The lyrics are the trite throwaway fare du jour (markedly of the Early Album 5 period, since we can begin to hear Rivers Cuomo making the transition from generic nonsense-nonsense to generic lovesong-nonsense), but the real problem is the vocal melody. Something about it just sounds so gratingly obvious and boring, like it simply has to be stolen from some classic rock staple or another. I can’t quite put my finger on it, but considering half of that year’s Maladroit was blatantly grifted from one classic source or another, it’s a safe enough bet.

That’s not the whole story here, though: something strange happens in the middle, and I guess we’ll call it a bridge. It’s so unexpected and apropos of nothing that it feels like another song altogether — Pat Wilson does a simple drum roll, and all of a sudden Scott Shriner is slicking his fingers up and down the bass neck like he’s doing live smooth-jazz Muzak inside a Macy’s, while Cuomo peeks into the falsetto register, seeing if he can find some kind of direction or purpose there. Five words later — “I believe / Now I see” — and it’s pretty clear he didn’t, so the band gives up and decides to indulge in yet another aimless Mala-style shredfest. (And then that bridge again!)

In any case, I’m surprised that at this point the band was still interested in rolling out unfinished sketches like this one to a die-hard audience searching for something salvageable (which, at the time, Cuomo estimated being at around 40,000 people — about 1000x as many as should have ever heard this recording, though knowing Cuomo’s megalomania at the time, the really figure was probably a lot closer to 40). On the track’s SongMeanings page, there are two comments: one that offers a brief analysis from what appears to be the song’s only fan, and the other a response that bitterly intones, “ya know u really shoutent post somthin if no 1 freakin cares.” He’s right.

We Are All On Drugs

During the mid-90s, Robert Pollard — frontman of the then-infallible Guided By Voices — turned out incredible pop songs at an unprecedented rate. He was as an elementary schoolteacher when considerable indie rock fame found him on the brink of his 40s, and, as he released scores and scores of songs per year, he had some interesting things to say about his creative method. Speaking of his impossibly prodigious (and, at least then, surprisingly consistent) output, he boasted, “I can write five songs while on the toilet — and three of them will be good.”

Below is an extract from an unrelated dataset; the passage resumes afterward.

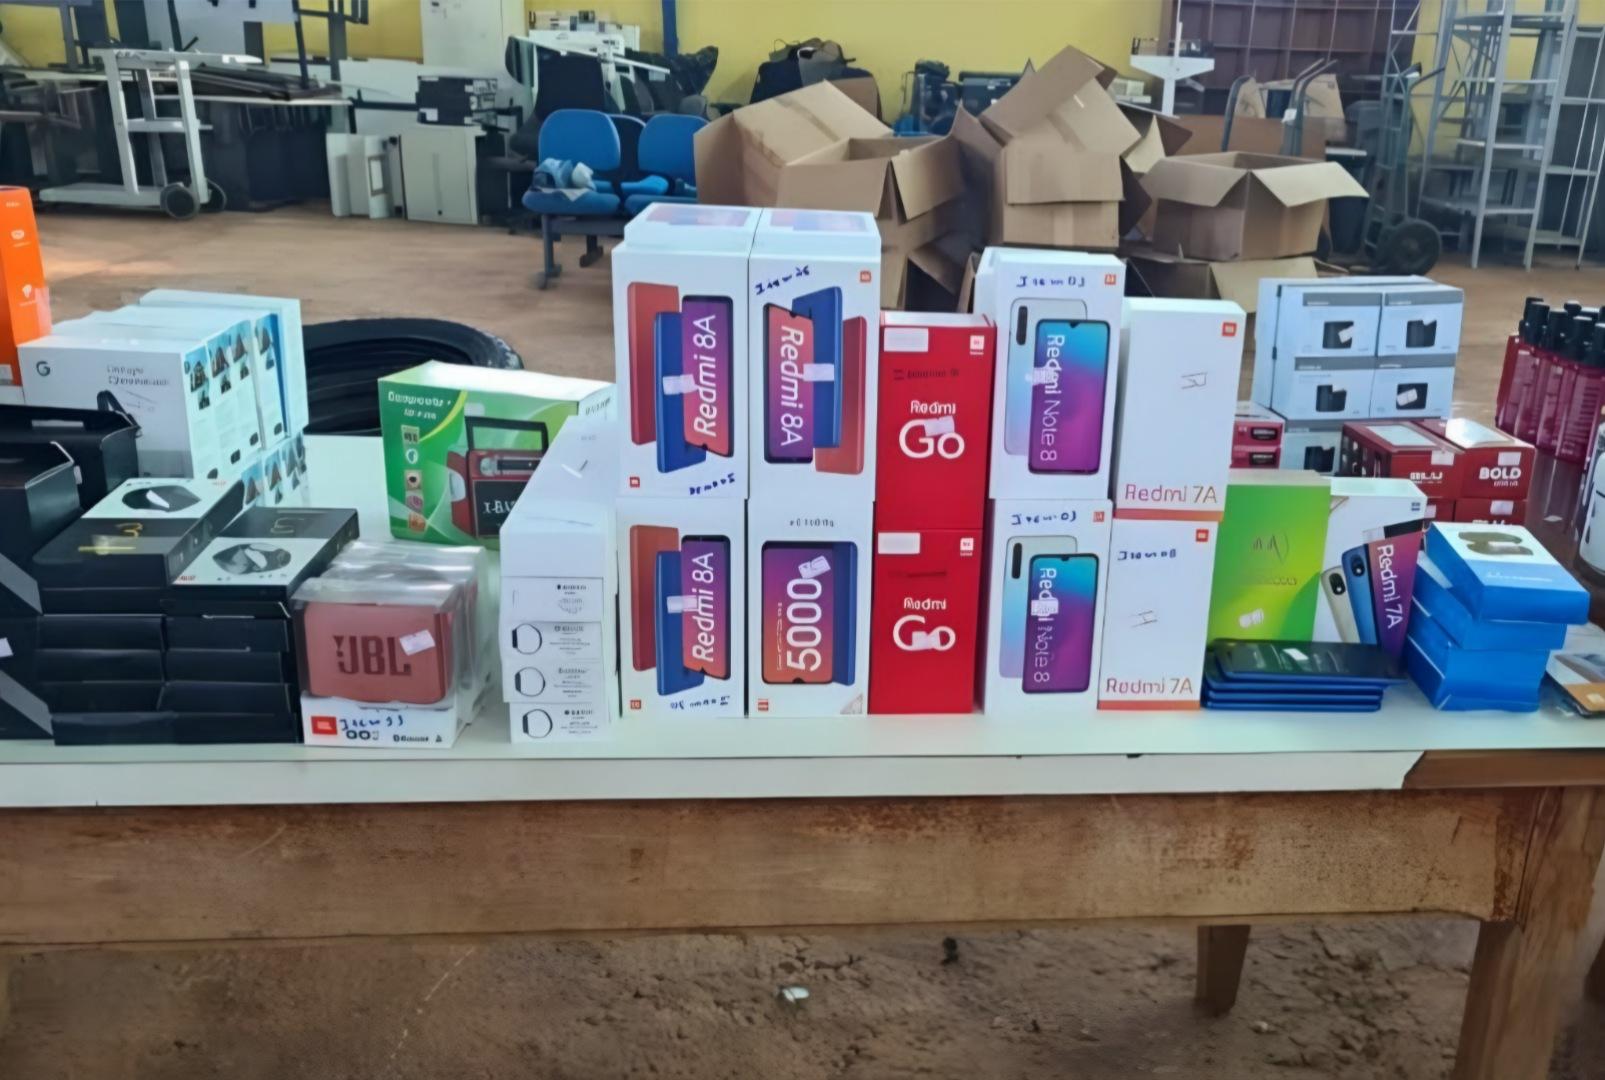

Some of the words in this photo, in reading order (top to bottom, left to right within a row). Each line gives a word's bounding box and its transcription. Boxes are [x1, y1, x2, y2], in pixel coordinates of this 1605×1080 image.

Part of his secret was to title songs before they were written. “If I write a whole page of great titles, I have to give them personalities and write songs for them – I just can’t stop,” he said in an interview circa 1995’s classic Alien Lanes. After all, he reasoned, how could songs with titles like “Gold Star for Robot Boy” and “14 Cheerleader Coldfront” be bad?

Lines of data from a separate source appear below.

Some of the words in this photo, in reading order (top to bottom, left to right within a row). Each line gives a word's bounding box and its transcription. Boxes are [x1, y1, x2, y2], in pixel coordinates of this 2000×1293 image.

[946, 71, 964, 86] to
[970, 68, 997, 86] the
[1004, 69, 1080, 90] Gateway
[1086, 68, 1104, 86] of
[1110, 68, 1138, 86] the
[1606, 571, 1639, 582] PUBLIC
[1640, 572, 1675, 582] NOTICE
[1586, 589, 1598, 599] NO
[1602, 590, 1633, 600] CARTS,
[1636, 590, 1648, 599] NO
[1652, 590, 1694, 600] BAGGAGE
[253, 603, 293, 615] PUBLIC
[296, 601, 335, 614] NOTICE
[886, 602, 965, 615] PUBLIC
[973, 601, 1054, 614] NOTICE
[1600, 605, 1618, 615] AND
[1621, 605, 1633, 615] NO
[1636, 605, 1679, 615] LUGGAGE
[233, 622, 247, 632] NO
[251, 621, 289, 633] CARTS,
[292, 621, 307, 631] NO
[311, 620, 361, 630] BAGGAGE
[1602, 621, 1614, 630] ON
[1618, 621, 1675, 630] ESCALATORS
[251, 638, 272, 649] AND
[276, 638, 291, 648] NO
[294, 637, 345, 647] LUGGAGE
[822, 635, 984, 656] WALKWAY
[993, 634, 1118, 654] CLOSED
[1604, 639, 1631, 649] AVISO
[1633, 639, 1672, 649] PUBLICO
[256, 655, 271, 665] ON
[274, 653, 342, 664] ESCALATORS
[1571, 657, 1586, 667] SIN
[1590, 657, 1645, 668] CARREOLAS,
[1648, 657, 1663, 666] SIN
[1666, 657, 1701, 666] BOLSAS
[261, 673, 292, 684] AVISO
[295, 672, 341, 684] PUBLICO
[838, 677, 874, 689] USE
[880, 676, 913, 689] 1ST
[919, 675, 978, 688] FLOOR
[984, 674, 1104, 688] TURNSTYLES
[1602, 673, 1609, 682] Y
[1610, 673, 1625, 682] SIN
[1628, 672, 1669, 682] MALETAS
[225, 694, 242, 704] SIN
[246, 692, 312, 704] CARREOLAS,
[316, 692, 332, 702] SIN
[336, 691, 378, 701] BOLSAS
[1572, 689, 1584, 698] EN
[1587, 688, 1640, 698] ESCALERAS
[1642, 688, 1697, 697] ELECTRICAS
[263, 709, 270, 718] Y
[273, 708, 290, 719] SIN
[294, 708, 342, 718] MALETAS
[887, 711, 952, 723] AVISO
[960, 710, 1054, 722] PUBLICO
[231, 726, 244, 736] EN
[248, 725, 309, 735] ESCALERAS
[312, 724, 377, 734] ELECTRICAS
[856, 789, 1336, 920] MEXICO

He wound up being right — and with a title like “We Are All On Drugs,” how could Weezer go wrong? At least that was the consensus among fans when tracklists of acoustic Make Believe demo sessions began trickling into weezer.com updates. Brian Bell’s commentary on the song, which was released in tandem with the album, seems to be of a similar – if a bit less coherent – rationale:

I remember the first time Rivers played it for me, and just felt this, like, ‘Can we do this?’ You know, I mean, this is a hit song, without a doubt. Just singing that chorus the first time, when we played these songs acoustically in the office, it was just a riot because it was just so much—it was like I felt like we were doing something illegal by [singing] that [titular line]. And there were thoughts like, how are parents going to like this? Or you know, are we going to be banned from kids, you know, listening, whatever, their album collections?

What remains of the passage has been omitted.